*Goal of the exercise*. Give the listing again, word for word, and let no picture into it.

*Records for this task*.

*** Begin section ***

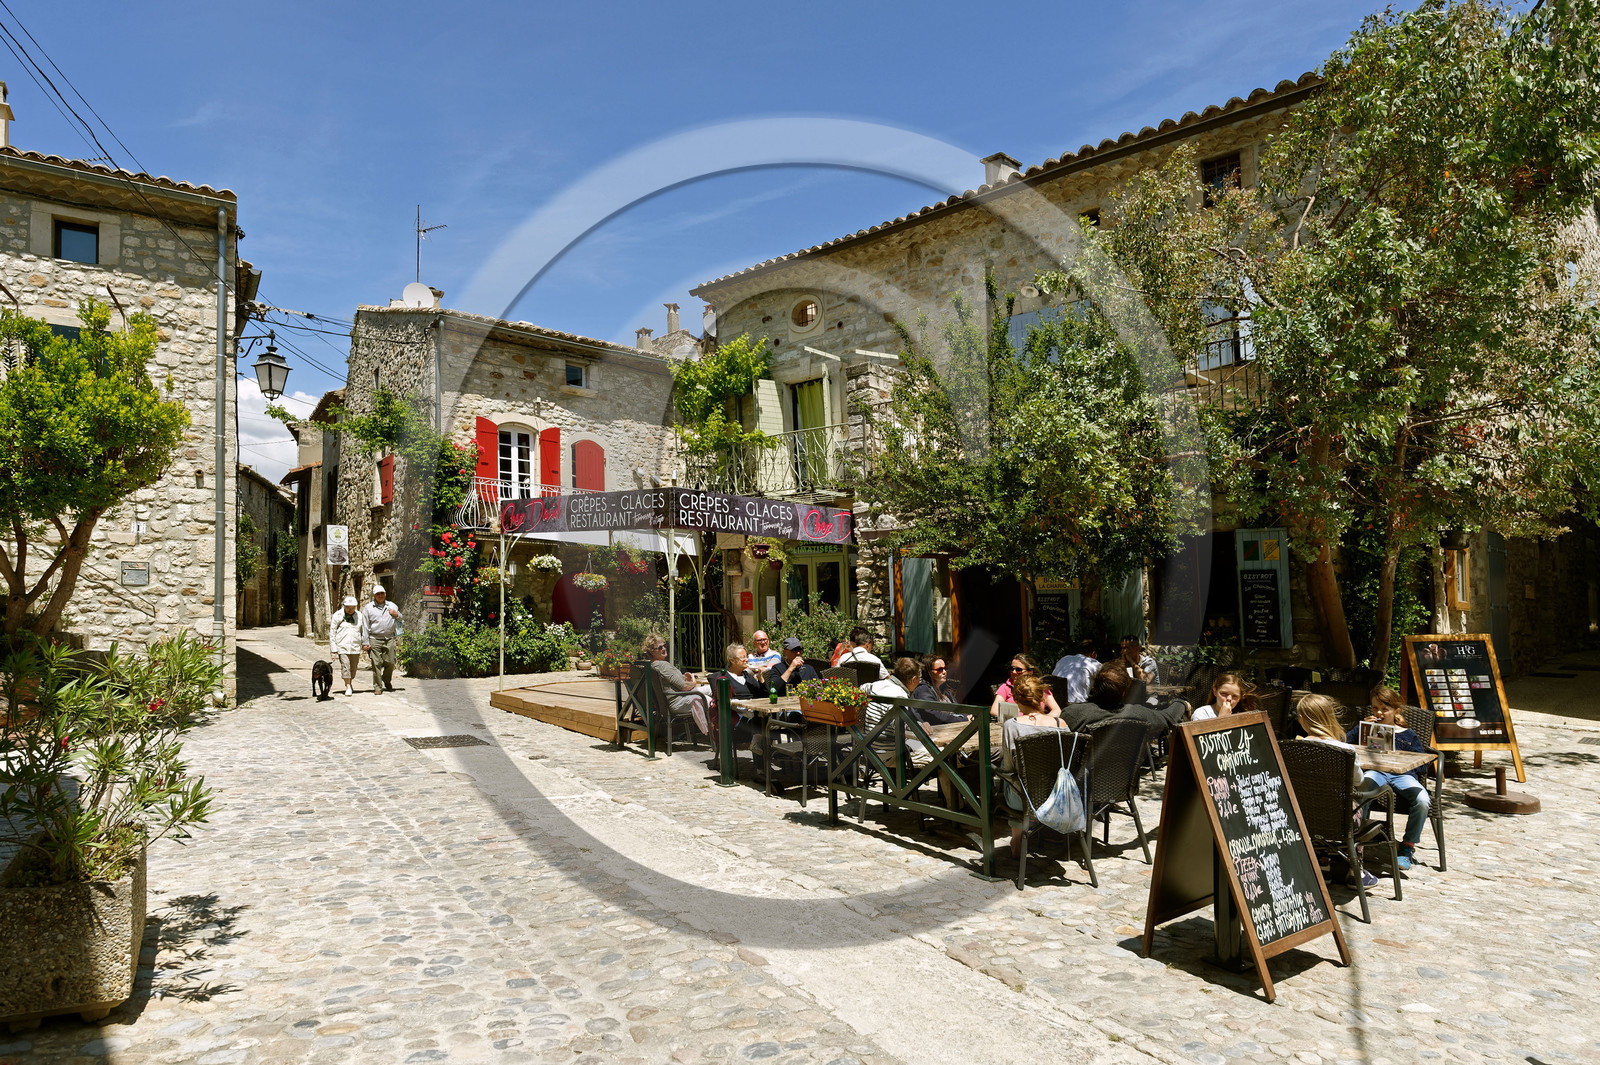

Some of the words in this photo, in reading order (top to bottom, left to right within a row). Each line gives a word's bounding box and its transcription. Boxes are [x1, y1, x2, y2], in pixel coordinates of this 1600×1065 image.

[571, 496, 608, 513] CRÊPES
[620, 492, 665, 510] GLACES
[679, 492, 730, 512] CRÊPES
[745, 501, 793, 521] GLACES
[570, 511, 633, 529] RESTAURANT
[679, 510, 759, 532] RESTAURANT
[803, 509, 835, 539] Chez

*** End section ***

*Response box*.
Some of the words in this photo, in reading order (top to bottom, left to right within a row). Each line gives a word's bounding box and its transcription. Boxes are [x1, y1, x2, y2], in pixel coordinates of this 1600×1065 image.

[571, 496, 608, 513] CRÊPES
[620, 492, 665, 510] GLACES
[679, 492, 730, 512] CRÊPES
[745, 501, 793, 521] GLACES
[570, 511, 633, 529] RESTAURANT
[679, 510, 759, 532] RESTAURANT
[803, 509, 835, 539] Chez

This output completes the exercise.